* [Exercise]
Only the pictures are to be left out; write out the rest of the data exactly.

* [Dataset entries]
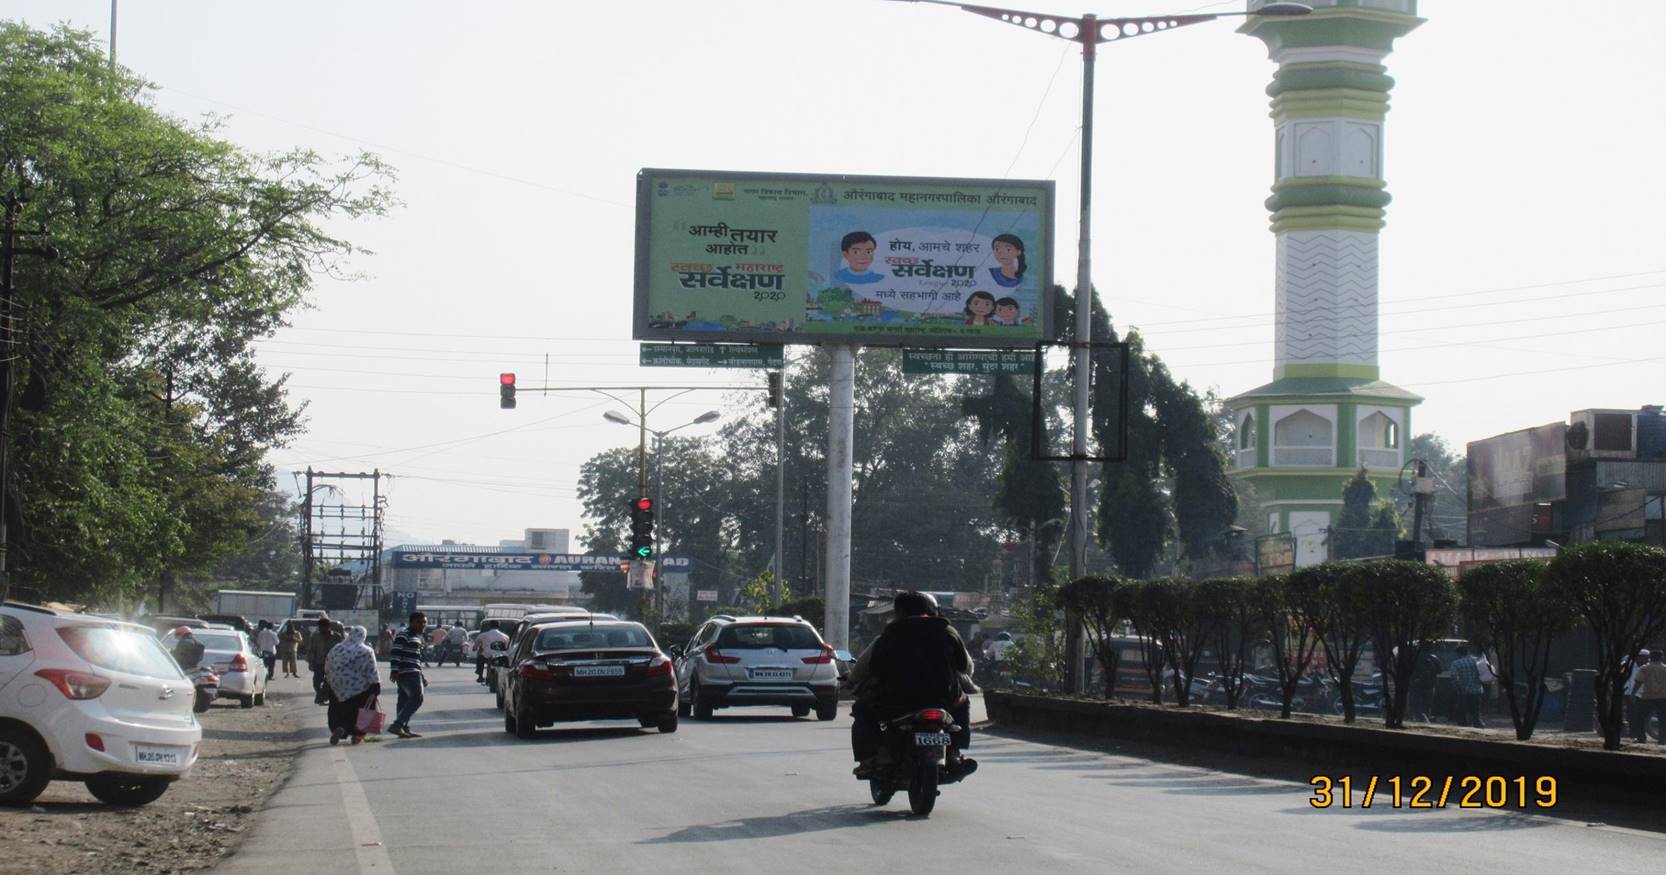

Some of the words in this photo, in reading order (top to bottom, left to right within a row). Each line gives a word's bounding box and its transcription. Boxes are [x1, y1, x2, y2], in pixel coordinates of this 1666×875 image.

[843, 189, 894, 201] औरंगाबाद
[900, 191, 981, 204] महानगरपालिका
[987, 191, 1037, 206] औरंगाबाद
[688, 222, 730, 238] आम्ही
[730, 228, 778, 243] तयार
[705, 242, 749, 255] आहोत
[889, 239, 915, 252] होय,
[919, 241, 951, 252] आमचे
[955, 243, 980, 253] शहर
[891, 259, 976, 278] सर्वेक्षण
[679, 266, 785, 290] सर्वेक्षण
[753, 291, 786, 301] 2020
[876, 289, 896, 299] मध्ये
[900, 290, 938, 301] सहभागी
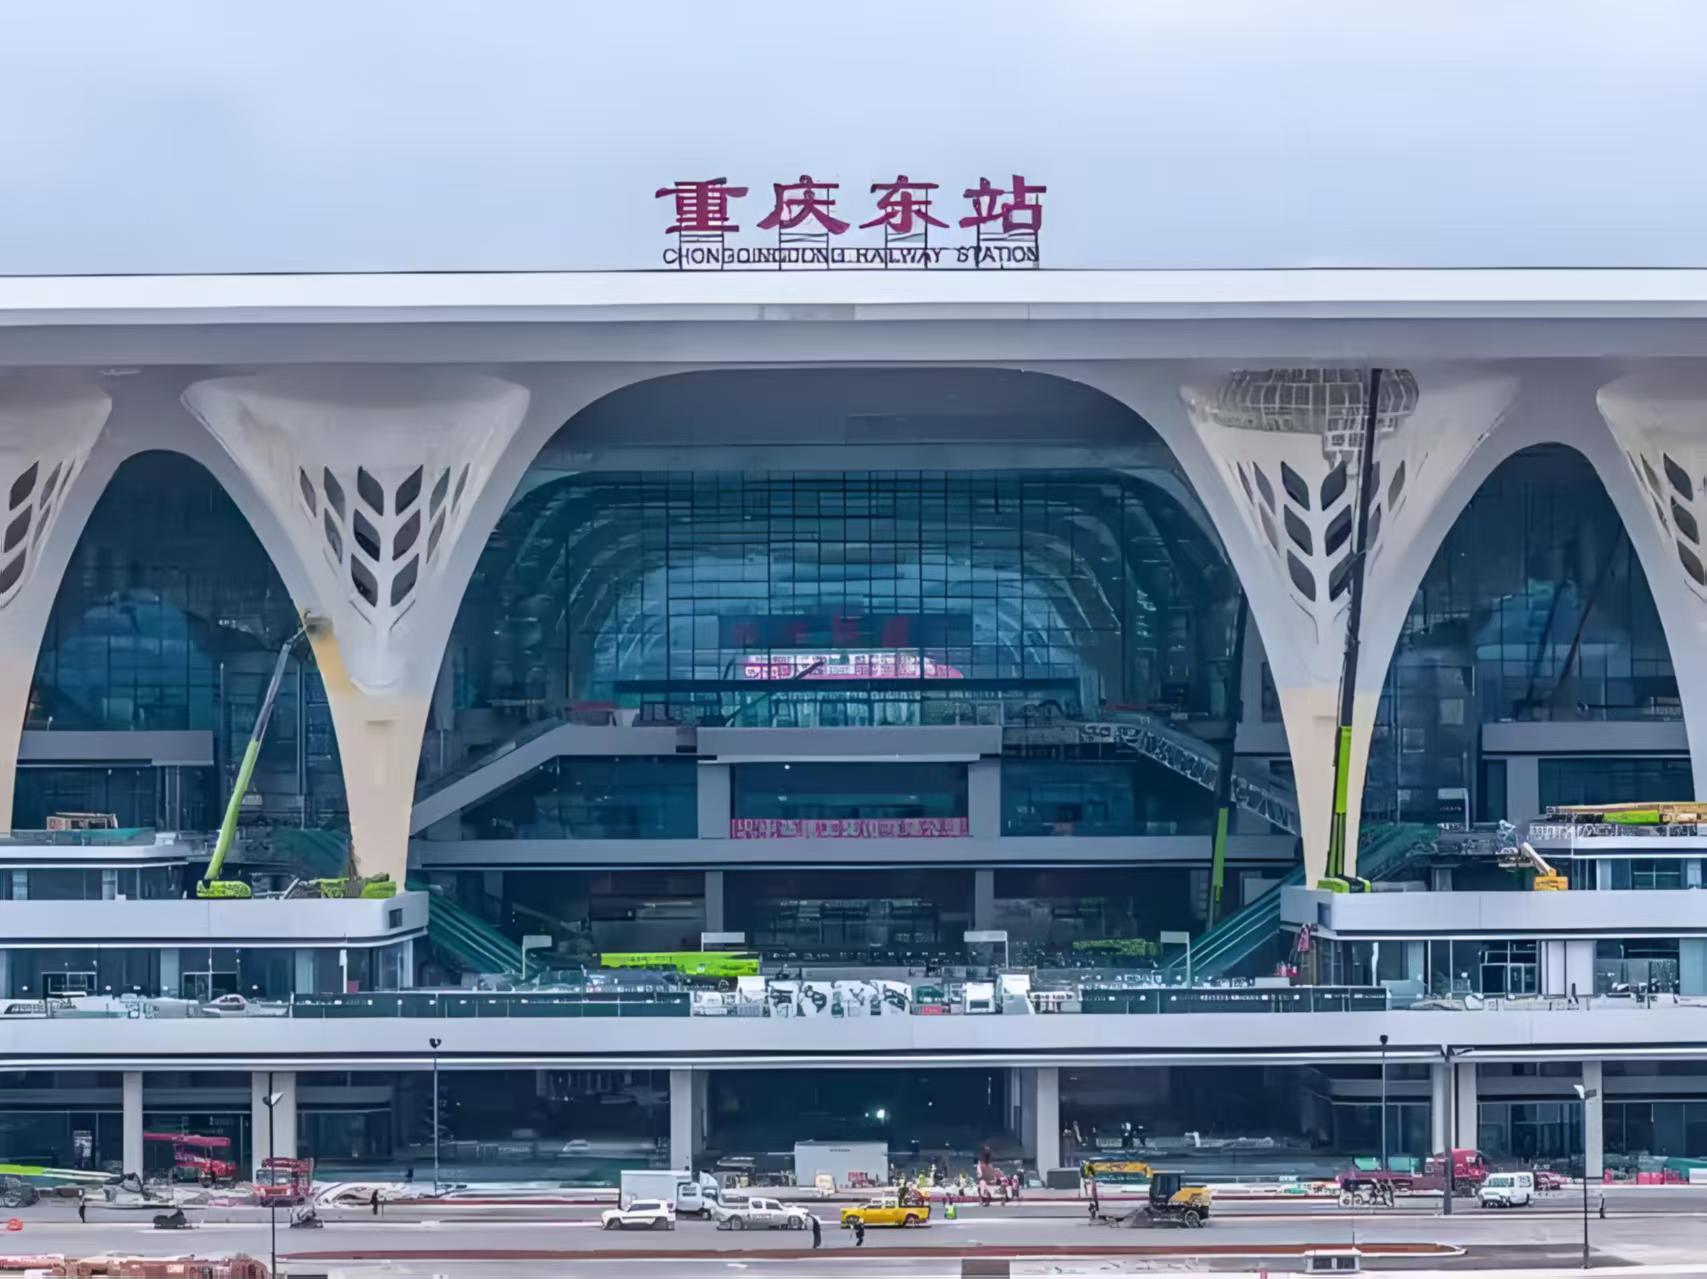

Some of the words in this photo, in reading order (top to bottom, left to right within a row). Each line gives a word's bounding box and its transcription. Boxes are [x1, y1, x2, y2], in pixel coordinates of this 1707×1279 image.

[655, 174, 1046, 235] 重庆东站
[957, 246, 1038, 263] STATION

* [Solution below]
Some of the words in this photo, in reading order (top to bottom, left to right within a row). Each line gives a word's bounding box and its transcription. Boxes are [x1, y1, x2, y2], in pixel coordinates of this 1666×875 image.

[843, 189, 894, 201] औरंगाबाद
[900, 191, 981, 204] महानगरपालिका
[987, 191, 1037, 206] औरंगाबाद
[688, 222, 730, 238] आम्ही
[730, 228, 778, 243] तयार
[705, 242, 749, 255] आहोत
[889, 239, 915, 252] होय,
[919, 241, 951, 252] आमचे
[955, 243, 980, 253] शहर
[891, 259, 976, 278] सर्वेक्षण
[679, 266, 785, 290] सर्वेक्षण
[753, 291, 786, 301] 2020
[876, 289, 896, 299] मध्ये
[900, 290, 938, 301] सहभागी

Some of the words in this photo, in reading order (top to bottom, left to right within a row). Each line gives a word's bounding box and its transcription. Boxes are [x1, y1, x2, y2], in pixel coordinates of this 1707×1279 image.

[655, 174, 1046, 235] 重庆东站
[957, 246, 1038, 263] STATION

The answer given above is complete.